**Prompt**
No pictures should be carried over. Output all other parts of the entries verbatim.

**Raw data**

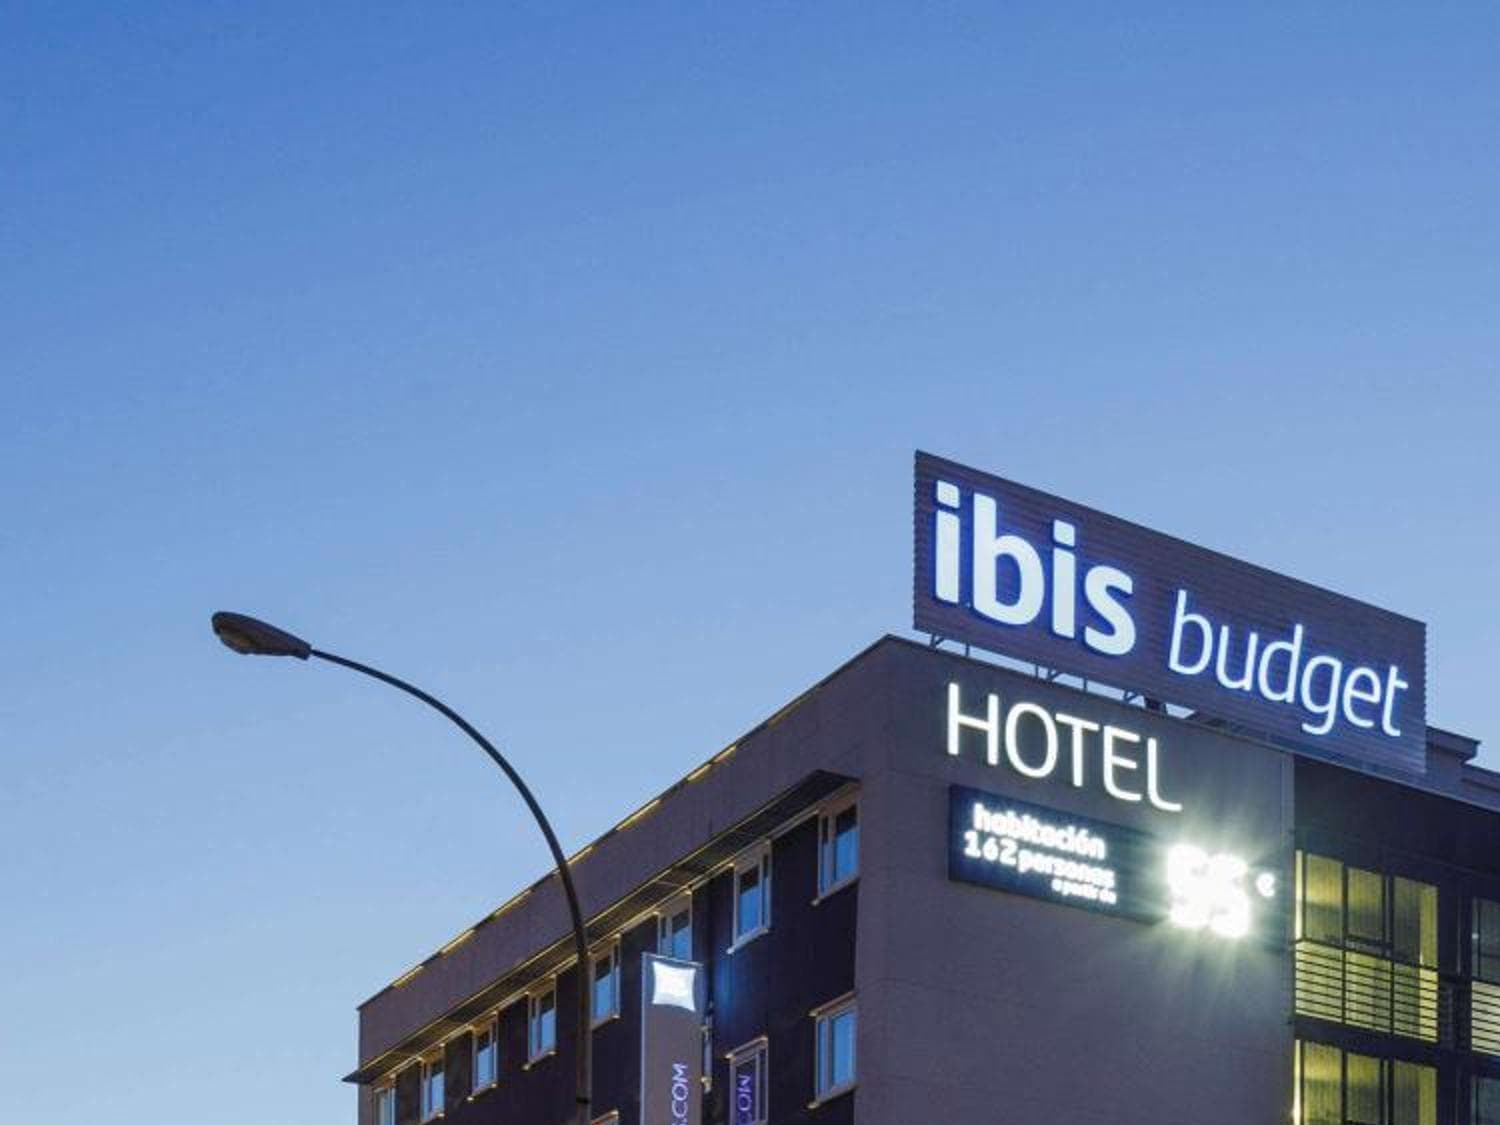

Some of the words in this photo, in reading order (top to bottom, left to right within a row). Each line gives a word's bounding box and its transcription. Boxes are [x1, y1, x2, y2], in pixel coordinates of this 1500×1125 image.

[935, 480, 1136, 656] ibis
[1168, 589, 1409, 738] budget
[946, 682, 1183, 813] HOTEL
[973, 802, 1106, 860] habitación
[1017, 849, 1115, 889] personas
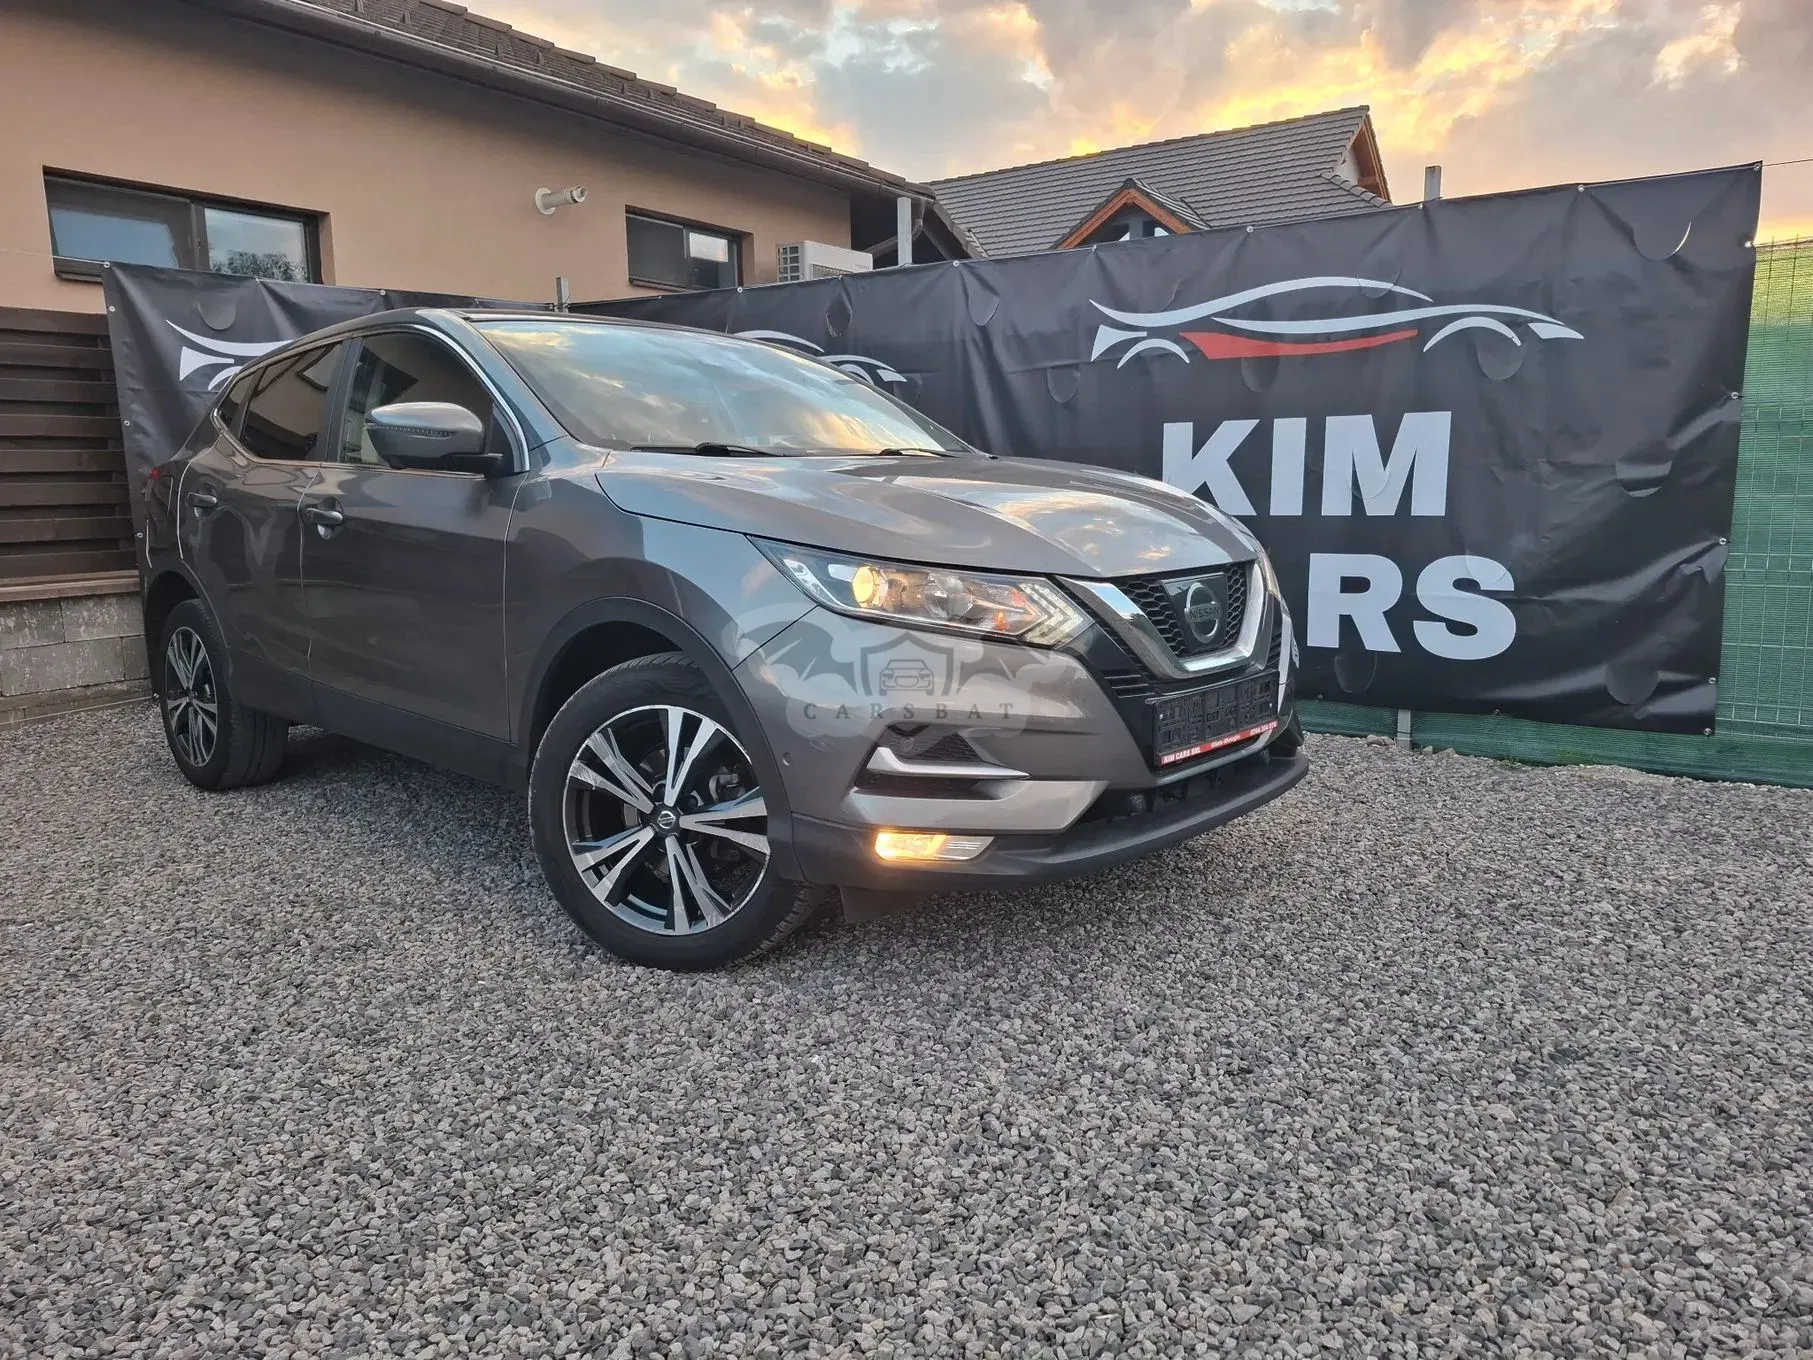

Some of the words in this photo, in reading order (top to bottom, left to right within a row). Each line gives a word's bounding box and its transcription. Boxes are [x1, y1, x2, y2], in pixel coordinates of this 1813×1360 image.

[1162, 411, 1452, 516] KIM
[1188, 606, 1220, 619] NISSAN
[1307, 553, 1517, 660] RS

**Response below**
Some of the words in this photo, in reading order (top to bottom, left to right within a row). Each line gives a word's bounding box and its transcription. Boxes are [x1, y1, x2, y2], in pixel coordinates of this 1500×1125 image.

[935, 480, 1136, 656] ibis
[1168, 589, 1409, 738] budget
[946, 682, 1183, 813] HOTEL
[973, 802, 1106, 860] habitación
[1017, 849, 1115, 889] personas

Some of the words in this photo, in reading order (top to bottom, left to right within a row). Each line gives a word's bounding box and its transcription. Boxes are [x1, y1, x2, y2], in pixel coordinates of this 1813×1360 image.

[1162, 411, 1452, 516] KIM
[1188, 606, 1220, 619] NISSAN
[1307, 553, 1517, 660] RS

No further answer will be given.